Wooden walls and flooring. Wooden beams along the top. The smallest beam of light filtered from across the room, angling down through a small hexagonal window.

“Scanlon always had so many secrets,” Evan said, more to himself than me, but I read his lips .

I turned sharply toward him. “What do you mean?”

He hesitated, then shrugged, too casually. “People talk. You know how small towns are.”

I studied him for a moment. “I don’t , actually. I didn’t grow up here.”

Evan looked away. “Just…stories, that’s all.”

My hands curled into fists at my sides. “Stories about him?”

He met my gaze again, but there was something unreadable in his eyes now. “That he wasn’t what he seemed. That this place wasn’t either.” He nodded to the secret room. “I think this proves the locals had been right about the man.”
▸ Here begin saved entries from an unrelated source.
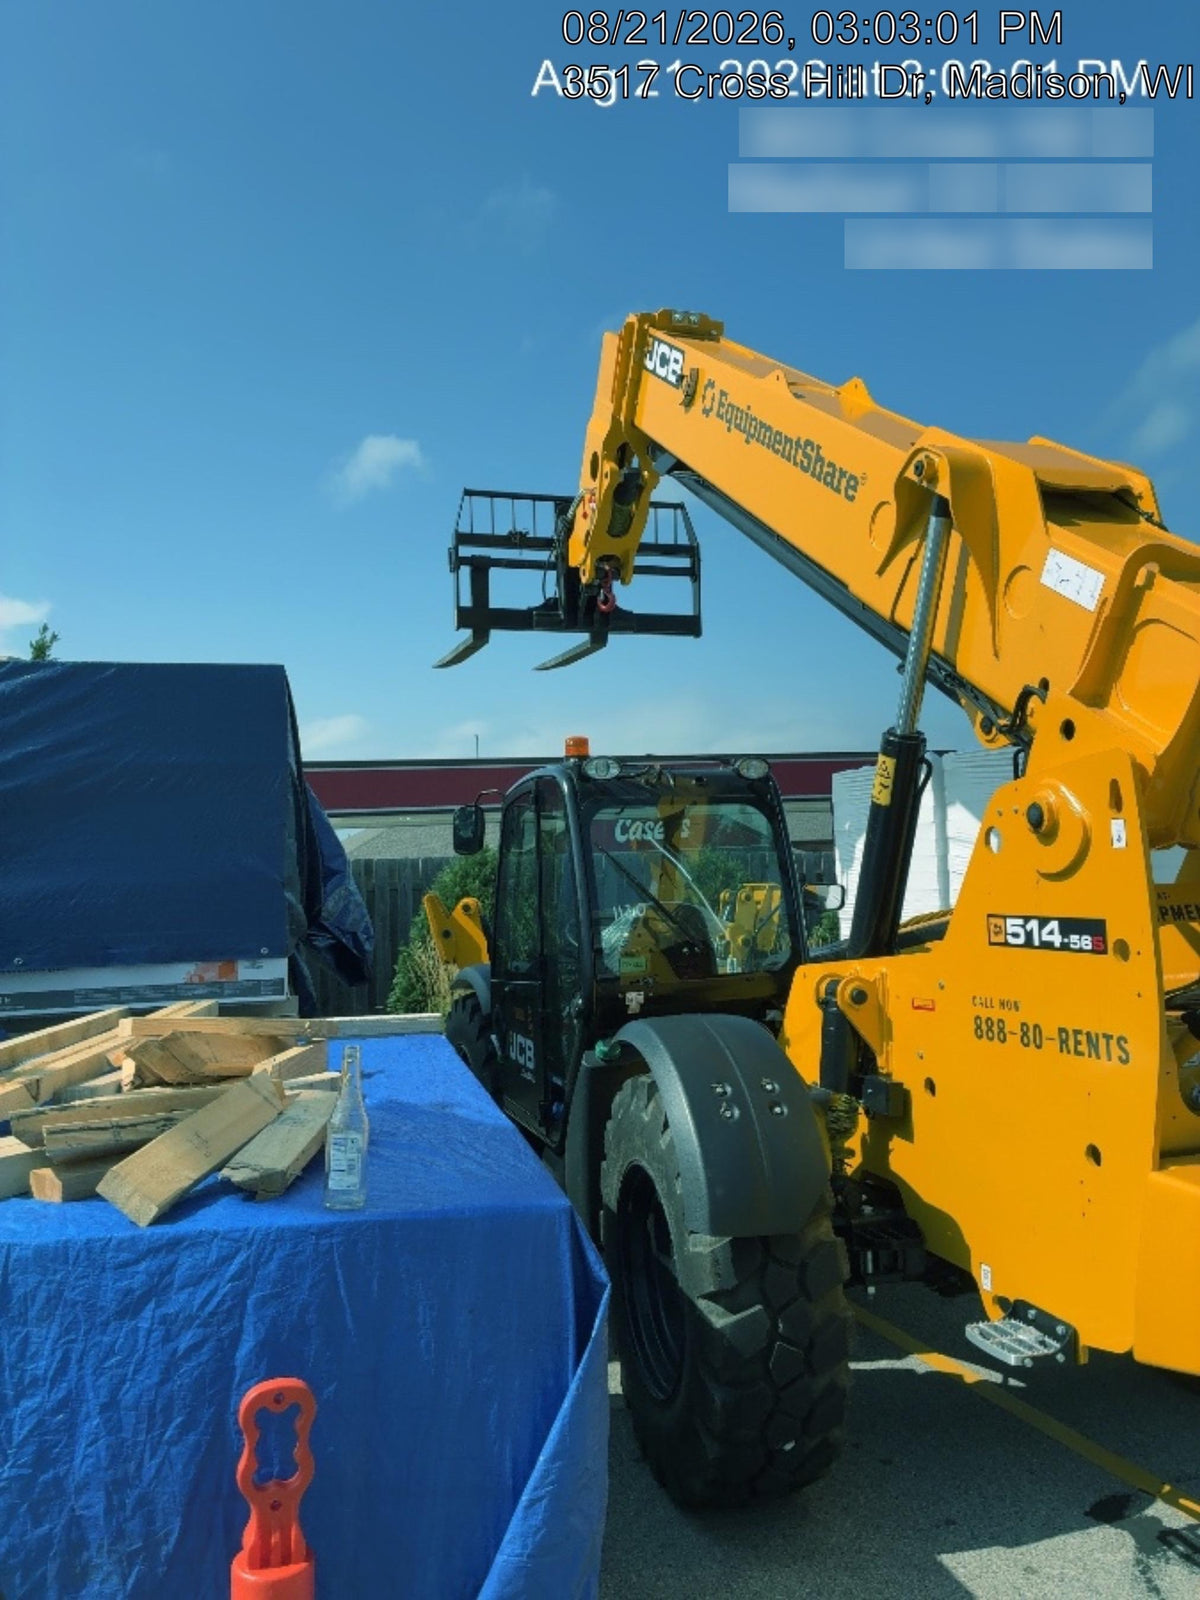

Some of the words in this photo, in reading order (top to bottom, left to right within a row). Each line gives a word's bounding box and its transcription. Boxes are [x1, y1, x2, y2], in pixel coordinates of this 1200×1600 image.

[644, 340, 684, 385] JCB
[716, 389, 860, 502] EquipmentShare
[1156, 904, 1200, 922] PME
[972, 995, 995, 1009] CALL
[510, 1032, 535, 1070] JCB
[974, 1015, 1130, 1065] 888-80-RENTS
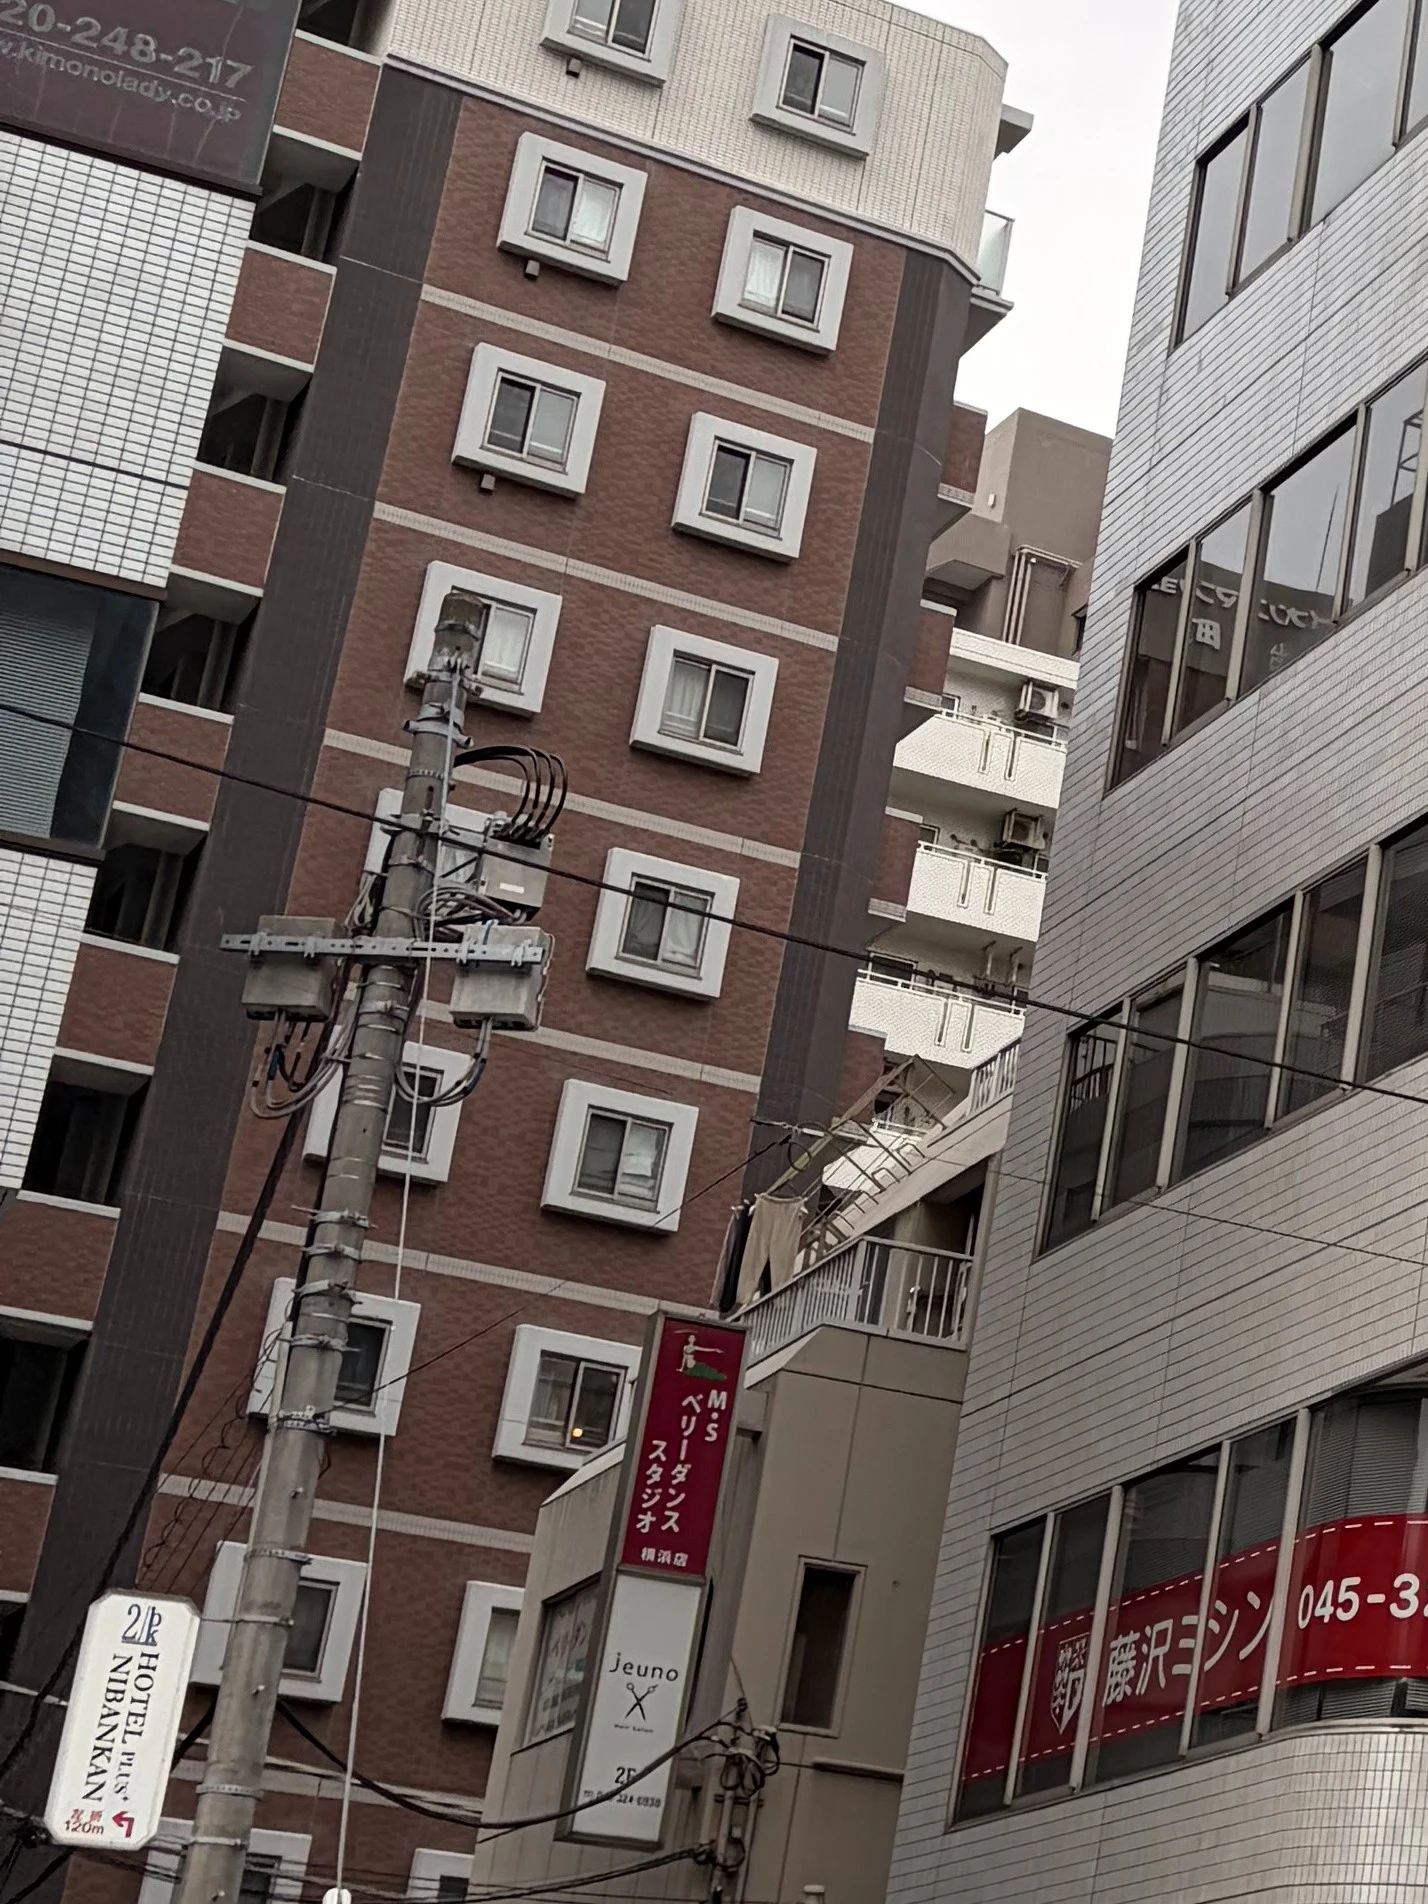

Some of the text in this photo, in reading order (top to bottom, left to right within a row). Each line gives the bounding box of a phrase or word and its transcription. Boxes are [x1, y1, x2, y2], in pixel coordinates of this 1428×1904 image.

[635, 1439, 668, 1534] スタジオ
[660, 1393, 704, 1534] ベリーダンス
[608, 1651, 679, 1682] jeuno
[1101, 1590, 1273, 1708] 藤沢ミシン
[81, 1653, 134, 1802] NIBANKAN
[121, 1651, 161, 1745] HOTEL
[65, 1819, 105, 1836] 120m
“I never heard any of those stories,” I signed quickly while I spoke, frustration burning in my chest.

He watched my hands and frowned. “How could you hear what people said behind you?” he asked. “You couldn’t. You were kept in the dark.”

I flinched, not because he was wrong, but because he was right .

I’d lived in silence. I still did. The world spoke in whispers, and I missed half of them. How much information had I missed during the five summers I stayed here?

The cold crept out from the open passage like an exhaling breath. I stepped closer into the dark, letting its next inhale pull me in—into Scanlon’s secrets that awaited me.